<<<<
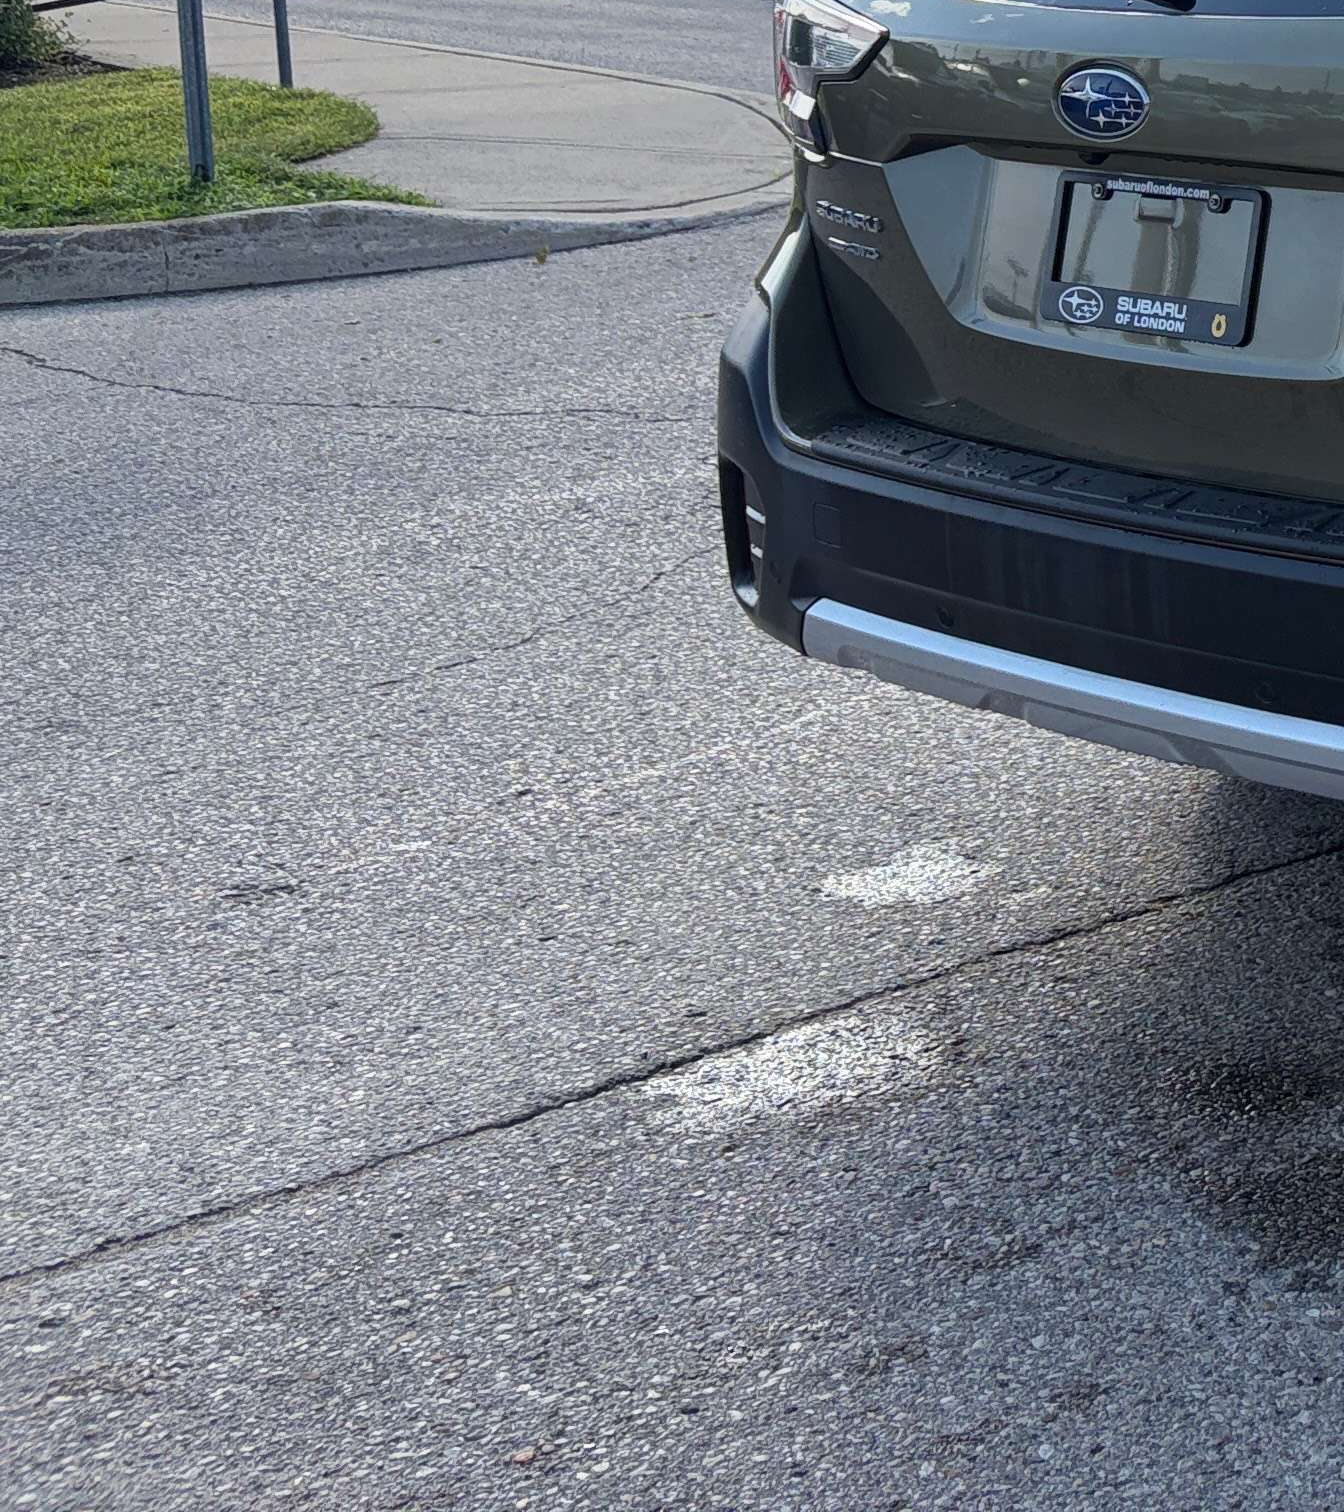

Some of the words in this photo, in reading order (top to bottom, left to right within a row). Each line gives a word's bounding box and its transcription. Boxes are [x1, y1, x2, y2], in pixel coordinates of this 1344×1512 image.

[1106, 178, 1210, 200] subaruoflondon.com
[1117, 295, 1188, 320] SUBARU
[1114, 313, 1131, 325] OF
[1133, 316, 1186, 333] LONDON
>>>>
▶ **What to produce**:
Reproduce the records in full and leave the images behind.

▶ **Finished exercise**:
Some of the words in this photo, in reading order (top to bottom, left to right within a row). Each line gives a word's bounding box and its transcription. Boxes are [x1, y1, x2, y2], in pixel coordinates of this 1344×1512 image.

[1106, 178, 1210, 200] subaruoflondon.com
[1117, 295, 1188, 320] SUBARU
[1114, 313, 1131, 325] OF
[1133, 316, 1186, 333] LONDON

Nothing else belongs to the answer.